Stored data entries
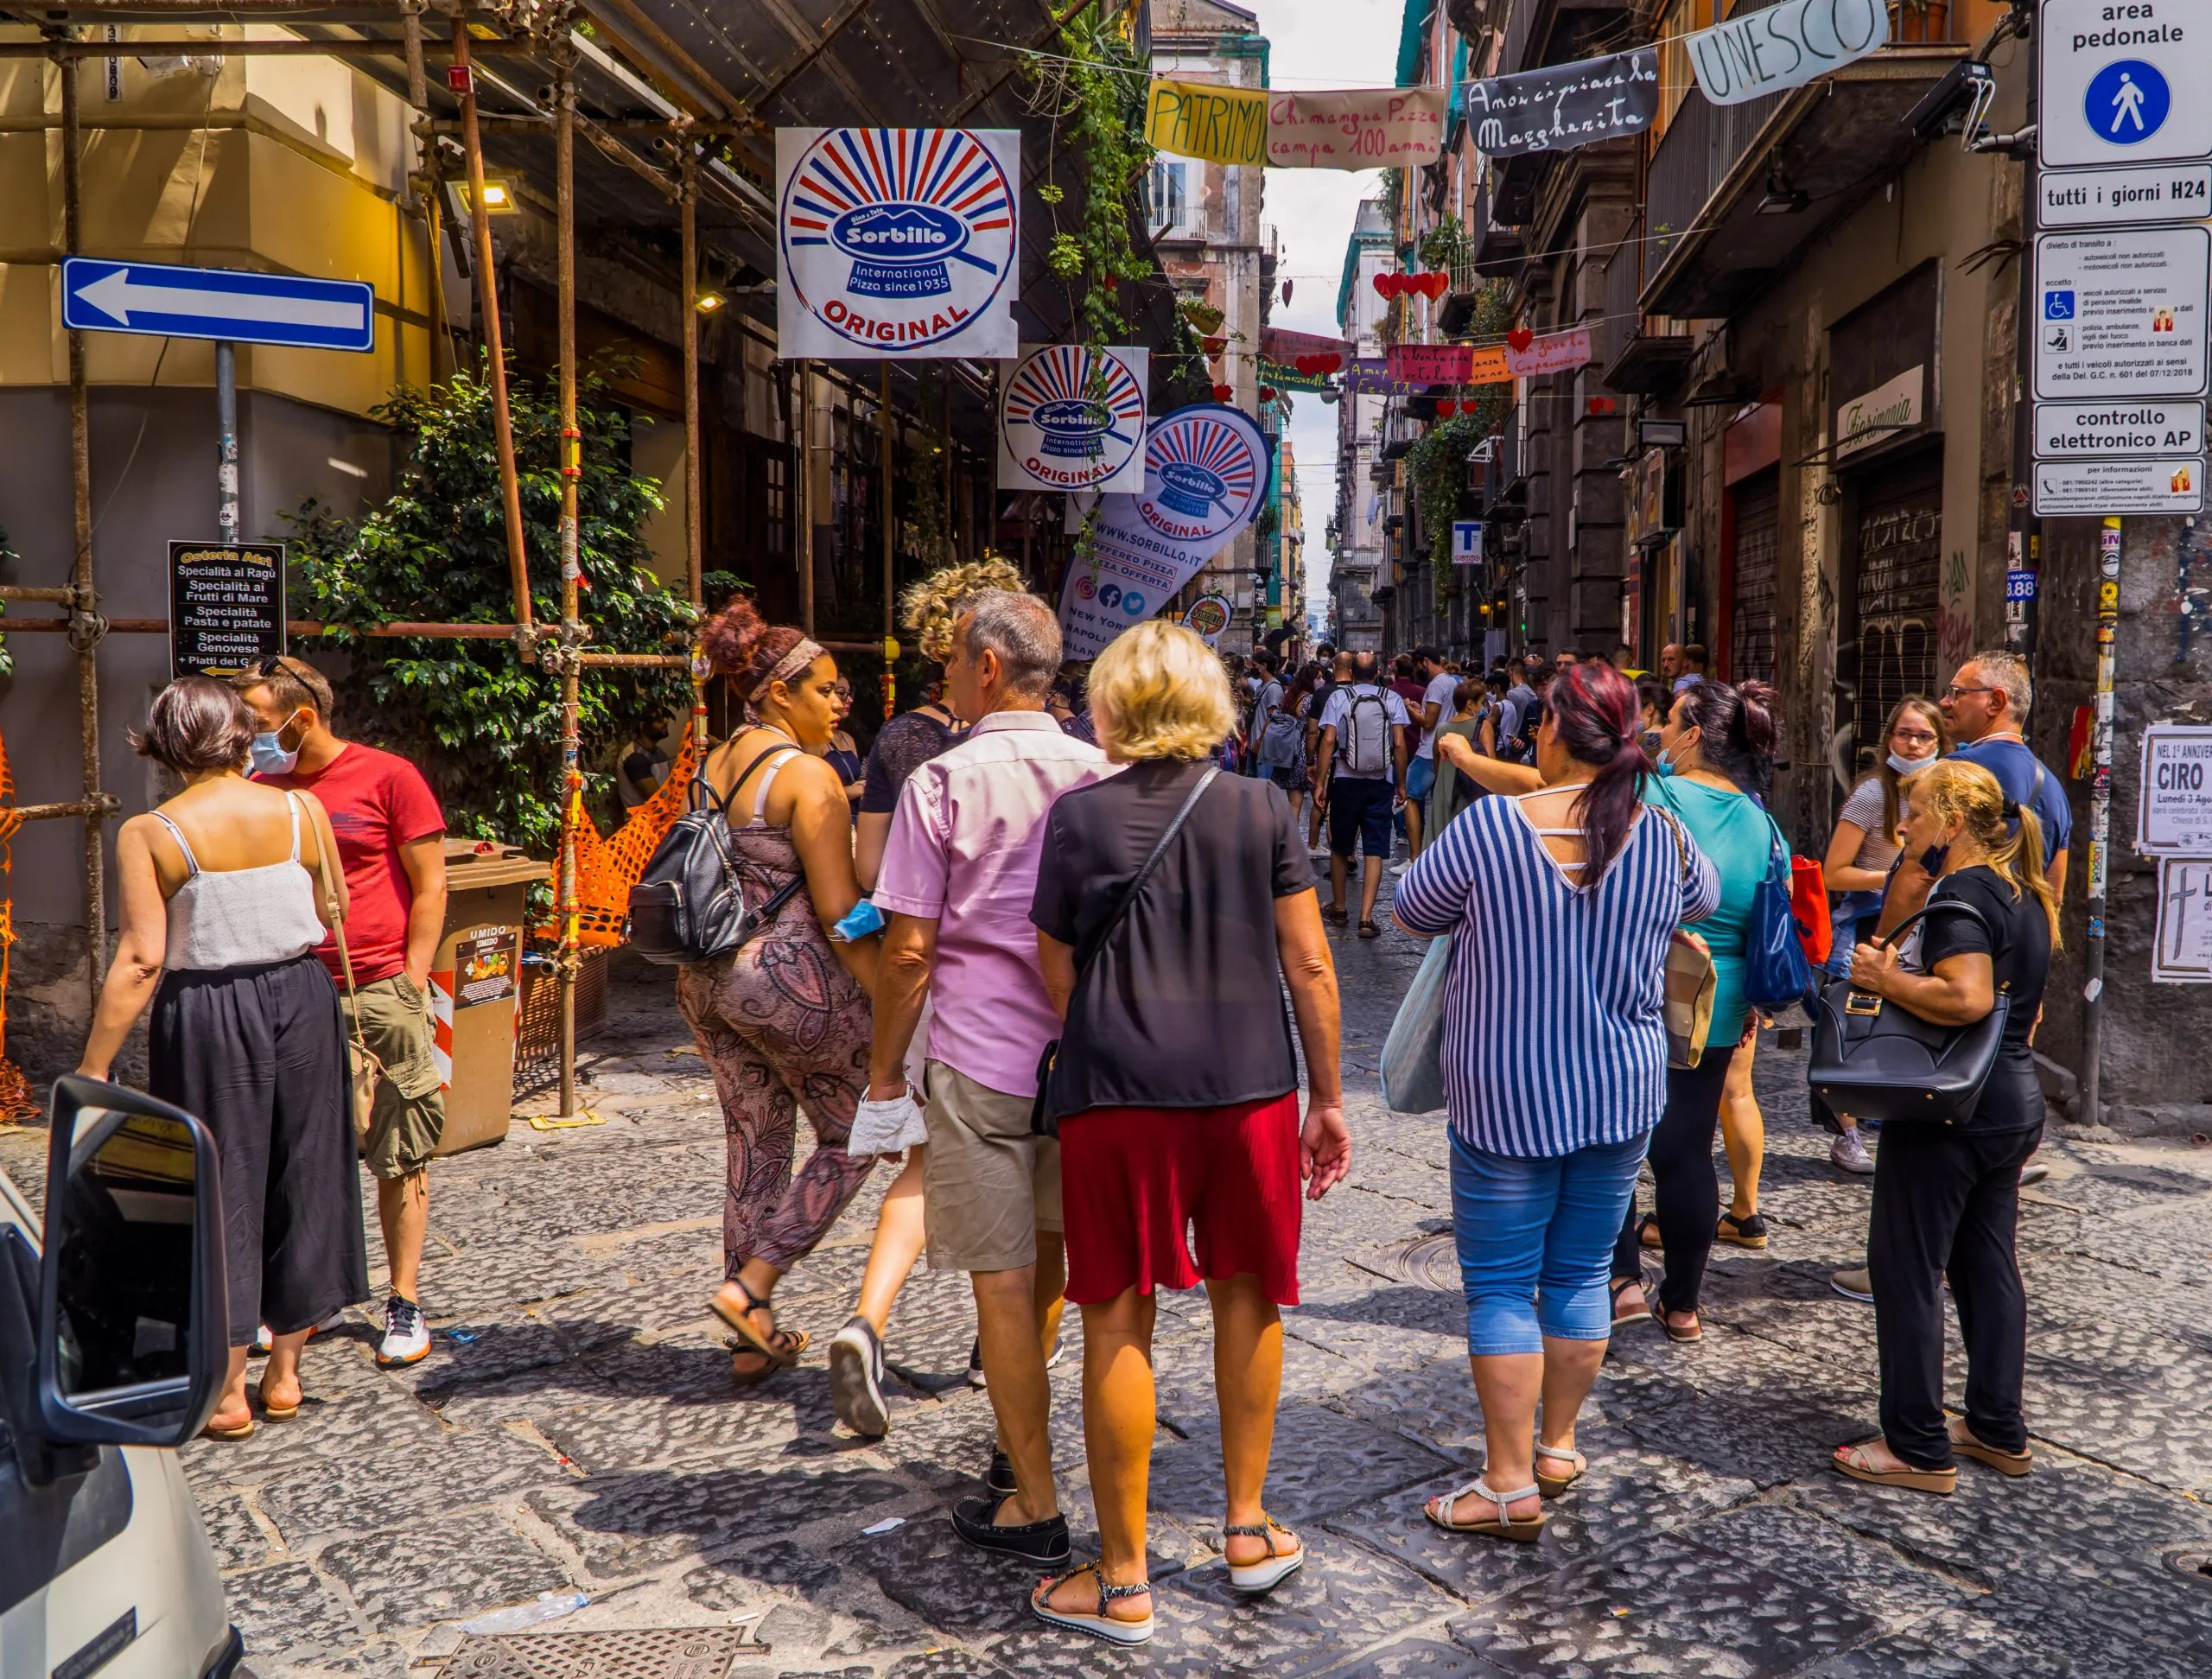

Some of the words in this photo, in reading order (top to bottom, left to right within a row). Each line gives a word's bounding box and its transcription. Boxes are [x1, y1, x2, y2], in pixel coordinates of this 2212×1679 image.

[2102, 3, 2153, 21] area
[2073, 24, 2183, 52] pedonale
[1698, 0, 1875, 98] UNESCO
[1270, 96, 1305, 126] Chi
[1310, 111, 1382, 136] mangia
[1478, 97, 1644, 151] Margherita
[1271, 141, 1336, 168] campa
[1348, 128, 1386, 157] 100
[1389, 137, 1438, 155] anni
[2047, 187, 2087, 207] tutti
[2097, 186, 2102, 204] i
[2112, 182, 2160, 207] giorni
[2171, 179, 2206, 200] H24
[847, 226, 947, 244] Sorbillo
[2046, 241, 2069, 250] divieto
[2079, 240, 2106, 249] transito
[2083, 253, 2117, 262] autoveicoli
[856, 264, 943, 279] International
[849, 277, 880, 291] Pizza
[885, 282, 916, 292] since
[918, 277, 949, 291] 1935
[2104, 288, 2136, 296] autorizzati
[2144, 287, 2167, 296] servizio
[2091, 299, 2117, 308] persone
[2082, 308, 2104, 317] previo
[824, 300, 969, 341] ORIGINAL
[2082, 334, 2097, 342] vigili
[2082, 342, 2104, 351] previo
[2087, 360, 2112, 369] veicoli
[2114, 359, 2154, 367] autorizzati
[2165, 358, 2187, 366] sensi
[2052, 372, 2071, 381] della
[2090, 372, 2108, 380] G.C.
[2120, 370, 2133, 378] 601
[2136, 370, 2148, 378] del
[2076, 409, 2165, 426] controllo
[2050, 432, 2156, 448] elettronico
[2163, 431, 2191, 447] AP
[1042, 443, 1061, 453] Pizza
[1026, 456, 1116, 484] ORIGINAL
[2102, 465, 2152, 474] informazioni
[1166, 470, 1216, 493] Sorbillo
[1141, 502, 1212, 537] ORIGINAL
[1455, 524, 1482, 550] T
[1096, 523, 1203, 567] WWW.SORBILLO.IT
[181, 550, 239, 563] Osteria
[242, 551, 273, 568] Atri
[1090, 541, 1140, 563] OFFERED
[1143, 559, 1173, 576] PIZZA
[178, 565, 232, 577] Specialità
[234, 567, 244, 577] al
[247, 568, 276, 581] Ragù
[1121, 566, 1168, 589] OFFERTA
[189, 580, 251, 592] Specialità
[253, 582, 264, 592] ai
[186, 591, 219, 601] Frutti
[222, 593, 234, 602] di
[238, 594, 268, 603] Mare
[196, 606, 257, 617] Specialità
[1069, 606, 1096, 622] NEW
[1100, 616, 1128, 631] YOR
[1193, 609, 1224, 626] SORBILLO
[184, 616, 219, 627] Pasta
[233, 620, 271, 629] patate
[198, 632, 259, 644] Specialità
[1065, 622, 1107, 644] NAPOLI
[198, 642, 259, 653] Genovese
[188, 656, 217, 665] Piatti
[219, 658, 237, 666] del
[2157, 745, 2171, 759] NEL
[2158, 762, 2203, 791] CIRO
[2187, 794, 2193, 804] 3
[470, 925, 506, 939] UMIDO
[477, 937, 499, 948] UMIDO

ASSIGNMENT -> The data needs to be reproduced exactly, please, apart from its pictures.

TASK RESPONSE ->
Some of the words in this photo, in reading order (top to bottom, left to right within a row). Each line gives a word's bounding box and its transcription. Boxes are [x1, y1, x2, y2], in pixel coordinates of this 2212×1679 image.

[2102, 3, 2153, 21] area
[2073, 24, 2183, 52] pedonale
[1698, 0, 1875, 98] UNESCO
[1270, 96, 1305, 126] Chi
[1310, 111, 1382, 136] mangia
[1478, 97, 1644, 151] Margherita
[1271, 141, 1336, 168] campa
[1348, 128, 1386, 157] 100
[1389, 137, 1438, 155] anni
[2047, 187, 2087, 207] tutti
[2097, 186, 2102, 204] i
[2112, 182, 2160, 207] giorni
[2171, 179, 2206, 200] H24
[847, 226, 947, 244] Sorbillo
[2046, 241, 2069, 250] divieto
[2079, 240, 2106, 249] transito
[2083, 253, 2117, 262] autoveicoli
[856, 264, 943, 279] International
[849, 277, 880, 291] Pizza
[885, 282, 916, 292] since
[918, 277, 949, 291] 1935
[2104, 288, 2136, 296] autorizzati
[2144, 287, 2167, 296] servizio
[2091, 299, 2117, 308] persone
[2082, 308, 2104, 317] previo
[824, 300, 969, 341] ORIGINAL
[2082, 334, 2097, 342] vigili
[2082, 342, 2104, 351] previo
[2087, 360, 2112, 369] veicoli
[2114, 359, 2154, 367] autorizzati
[2165, 358, 2187, 366] sensi
[2052, 372, 2071, 381] della
[2090, 372, 2108, 380] G.C.
[2120, 370, 2133, 378] 601
[2136, 370, 2148, 378] del
[2076, 409, 2165, 426] controllo
[2050, 432, 2156, 448] elettronico
[2163, 431, 2191, 447] AP
[1042, 443, 1061, 453] Pizza
[1026, 456, 1116, 484] ORIGINAL
[2102, 465, 2152, 474] informazioni
[1166, 470, 1216, 493] Sorbillo
[1141, 502, 1212, 537] ORIGINAL
[1455, 524, 1482, 550] T
[1096, 523, 1203, 567] WWW.SORBILLO.IT
[181, 550, 239, 563] Osteria
[242, 551, 273, 568] Atri
[1090, 541, 1140, 563] OFFERED
[1143, 559, 1173, 576] PIZZA
[178, 565, 232, 577] Specialità
[234, 567, 244, 577] al
[247, 568, 276, 581] Ragù
[1121, 566, 1168, 589] OFFERTA
[189, 580, 251, 592] Specialità
[253, 582, 264, 592] ai
[186, 591, 219, 601] Frutti
[222, 593, 234, 602] di
[238, 594, 268, 603] Mare
[196, 606, 257, 617] Specialità
[1069, 606, 1096, 622] NEW
[1100, 616, 1128, 631] YOR
[1193, 609, 1224, 626] SORBILLO
[184, 616, 219, 627] Pasta
[233, 620, 271, 629] patate
[198, 632, 259, 644] Specialità
[1065, 622, 1107, 644] NAPOLI
[198, 642, 259, 653] Genovese
[188, 656, 217, 665] Piatti
[219, 658, 237, 666] del
[2157, 745, 2171, 759] NEL
[2158, 762, 2203, 791] CIRO
[2187, 794, 2193, 804] 3
[470, 925, 506, 939] UMIDO
[477, 937, 499, 948] UMIDO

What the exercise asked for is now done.